Global Cargo Market Is Contracting As The Economy Weakens, Pointing To A Bleak Christmas


Global trade indicator companies such as FedEx and Cathay Pacific Airways have cast a pall over the year-end holiday shopping season, pointing to weaker-than-expected consumer demand rather than a Christmas bonanza.
The bleak outlook comes as consumers around the world struggle to keep up with rising food, fuel, and housing costs. As the country's harsh COVID-19 curbs have slammed the economy, even more spendthrift shoppers in China are tightening their purse strings.

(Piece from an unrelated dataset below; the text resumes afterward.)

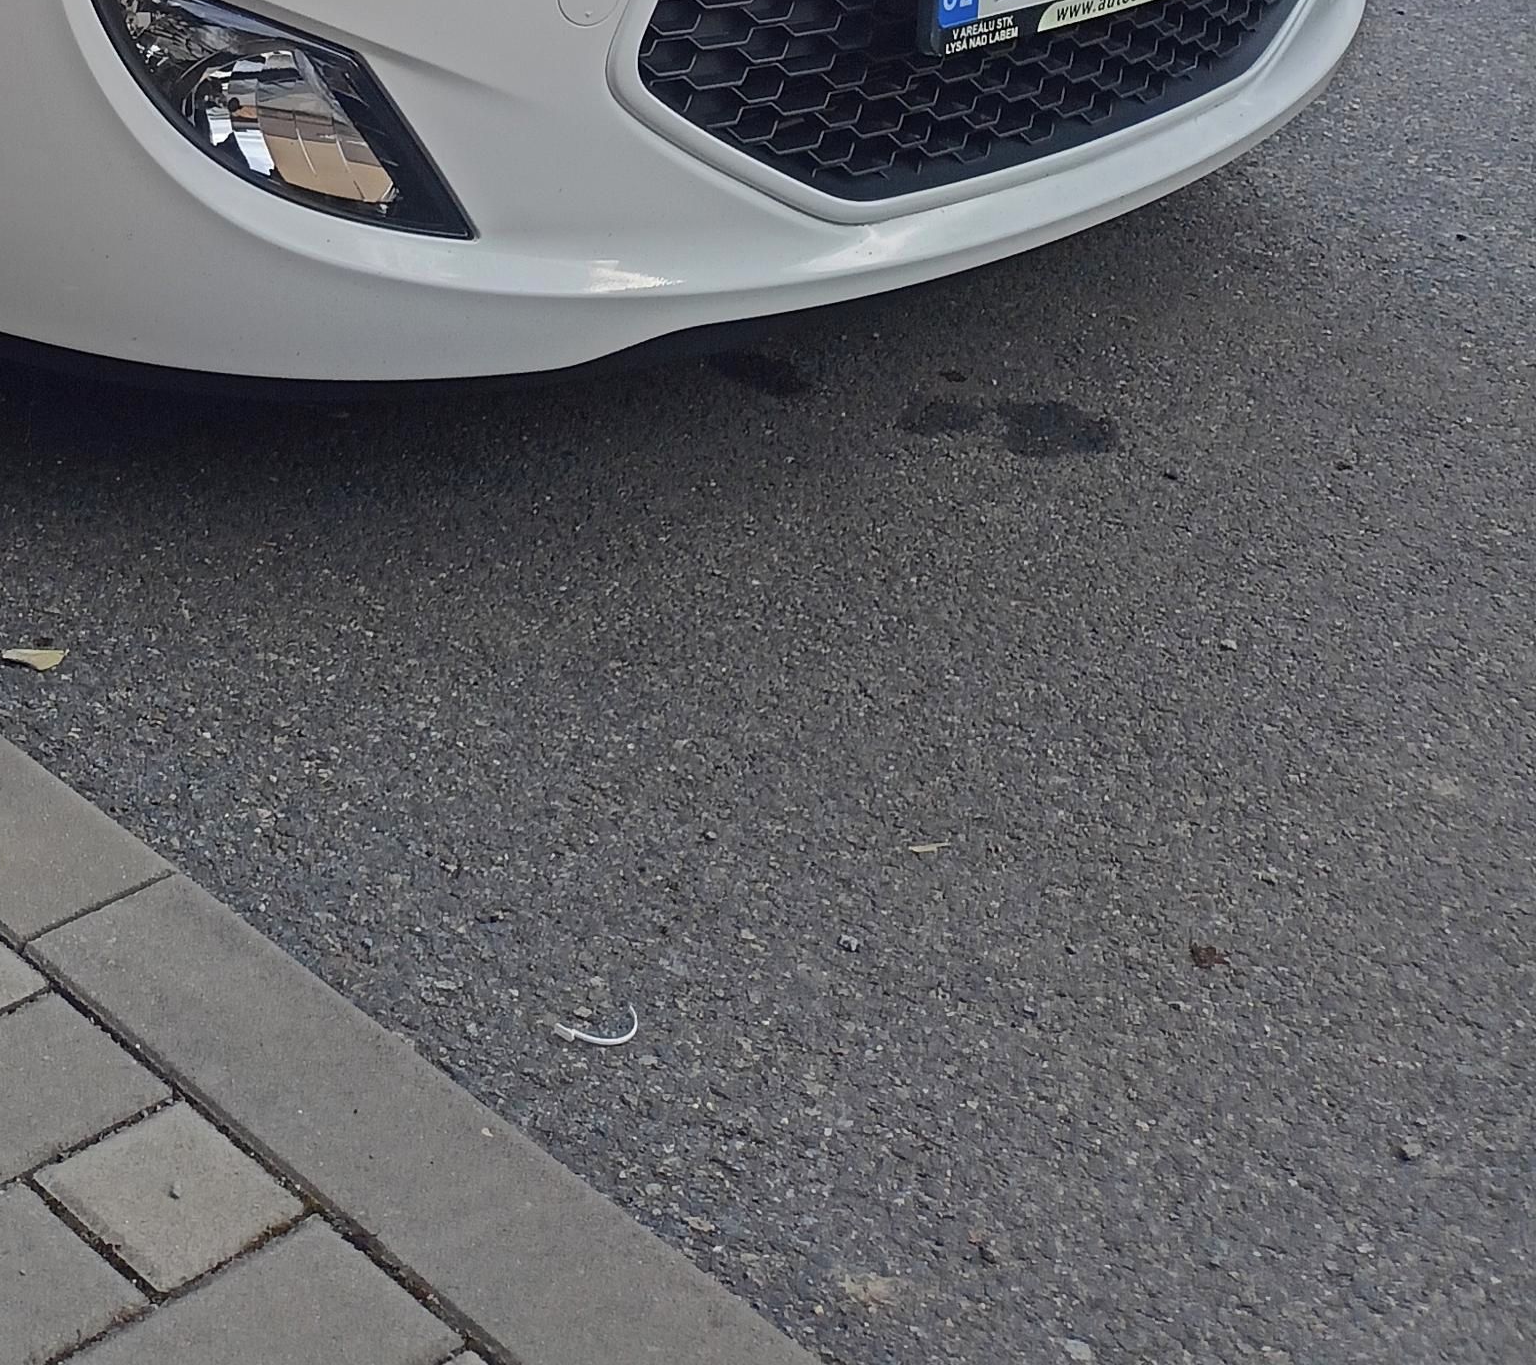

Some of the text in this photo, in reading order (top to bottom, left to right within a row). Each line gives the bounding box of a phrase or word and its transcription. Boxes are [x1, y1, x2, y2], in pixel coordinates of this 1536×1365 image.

[996, 15, 1013, 29] STK
[969, 34, 987, 49] NAD
[989, 26, 1018, 44] LABEM

FedEx, which withdrew a forecast issued just three months ago, said on Thursday that a global demand slowdown accelerated at the end of August and was set to worsen in the November quarter.
"The lack of a 'freight wave' from China's re-opening was a negative sign for freight demand," said J.P Morgan analysts, who downgraded FedEx stock to "neutral" from "overweight" on the outlook warning.

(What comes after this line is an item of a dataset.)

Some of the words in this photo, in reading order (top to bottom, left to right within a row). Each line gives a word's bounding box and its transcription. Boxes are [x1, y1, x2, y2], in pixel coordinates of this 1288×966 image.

"It appears to have impacted FedEx first as the leading air freight carrier in the Asia-Pacific region."
FedEx shares were down nearly 20% in premarket trading on Friday, pulling stock in Deutsche Post - owner of logistics behemoth DHL - down 6.4% in Frankfurt.
The Christmas season is typically frantic for air cargo and shippers transporting newly released smartphones, toys, and apparel from Asian factories to the United States and Europe.
However, Western retailers such as Costco Wholesale Group and Macy's Inc have discovered their shelves overflowing with unsold merchandise, implying that they misjudged demand and will be more cautious when restocking.
"We do a lot of business with Costco, Walmart , Target and they are telling us straight that they just don't have space for anything right now," said Jonathan Chitayat, the Asia boss of Shanghai-based Genimex Group, a contract manufacturer for a range of products from cleaning brushes to exercise equipment.
"They just bought so much in the first half of the year to deal with the unpredictability of the supply chain from China and then demand dropped, so they just have massive amounts of goods."
Cathay Pacific Airways of Hong Kong has warned that this year's peak cargo season may be weaker than last year's due to inflation and China's zero-COVID policies. CMA CGM, based in France, said that weak consumer spending was reducing shipping demand and rates.
Ocean container shipping rates from Asia to the United States' West Coast have dropped nearly three-quarters since the beginning of the year, to their lowest level since May 2020, according to booking platform Freightos Group.
According to WorldACD Market Data, global air cargo volumes fell 11 per cent year on year in the first full week of September, with no clear signs of a recovery yet.
The Baltic Air Freight Index, powered by TAC data, hit record highs in December on a pandemic-driven peak season rally, but has since fallen nearly 40 per cent.
"Normally prices strengthen this time of year as traditional peak season approaches, but there is little sign of that happening yet," TAC Index said in a weekly market update.
Deloitte forecasted this week that holiday retail sales growth in the United States will slow sharply, owing to "declining demand for durable consumer goods, which had been the focal point of pandemic spending."
People are still spending on some goods and services, such as cars and dining out, despite a rise in raw material prices and a continuing semiconductor shortage.